Tim Muehlhoff: You wake up with your heart pounding. Images of your spouse dying or children being separated from you during a violent accident seems so incredibly real, and it produces overwhelming sense of fear. I have a friend of mine who teaches classes on spiritual battle, and he often pulls his students and says, "What are the signs of the demonic?" Every single time, he said violent dreams is one of the top indicators that Satan is literally wanting to scare us, to make us tentative to take away this sense of safety and he uses violent dreams to do it.
Chris Grace: Yeah, and part of that, Tim as well, it's not only violent dreams but it's also the fear that you are about to die or fear that something is bad, about to happen to you.
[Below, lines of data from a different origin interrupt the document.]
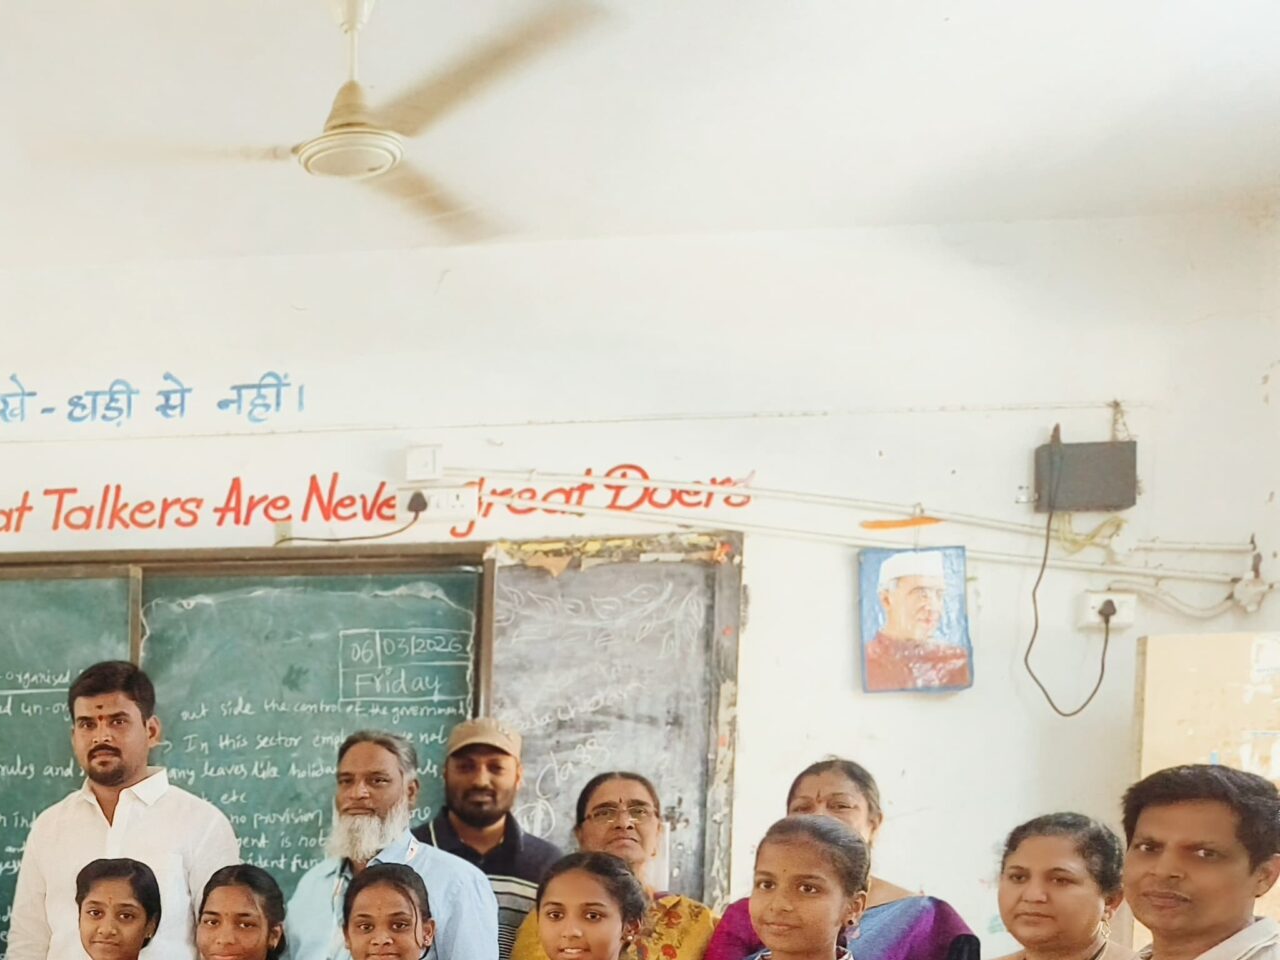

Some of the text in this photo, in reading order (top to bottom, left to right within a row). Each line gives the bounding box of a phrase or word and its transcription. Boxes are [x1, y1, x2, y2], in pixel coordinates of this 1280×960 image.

[155, 371, 193, 419] से
[44, 483, 203, 535] Talkers
[213, 477, 292, 529] Are
[302, 472, 398, 526] Neve
[355, 667, 442, 702] Friday
And I do think that it's pretty common at times for people to wake up with anxious dreams.
Chris Grace: I mean, the physiology of the body during the dream allows for this variation and our fear and anxieties, but when it becomes a pattern or a habit, and sometimes if you wake up, you sense that or feel it. And you begin praying and seeking God's comfort and you are comforted, and you are able to go back, that could have very well could have been a sign.
Chris Grace: It's not, every single time. Because, if so, you know, you say every night I wake up kinda anxious and worried, but it is more, is it every night? And is it a pattern? And is there something going on that maybe is not, maybe dealt with or not resolved?
Tim Muehlhoff: Yeah, and so we mentioned this book I wrote called "Defending Your Marriage: Innerversity Press". One thing that got me thinking about the book is, as you know, I served as the intern teaching pastor at a church that was looking for a new pastor, and so, Chris.
Tim Muehlhoff: When I was presented with this idea that I was gonna add this to a teaching schedule, that night, Chris, I had a dream that people were coming up our stairs. They weren't there to rob me and Marin, they were there to kill us. And I literally, I'm standing by our door, my heart is pounding like crazy.
Tim Muehlhoff: My hands are made into fists. And I'm gonna attack these people as they come through the door. And Chris, I stood there, I don't know how long and then I thought, "Why didn't the alarm go off? Why didn't the dog bark?" I open the door, there's nobody out there.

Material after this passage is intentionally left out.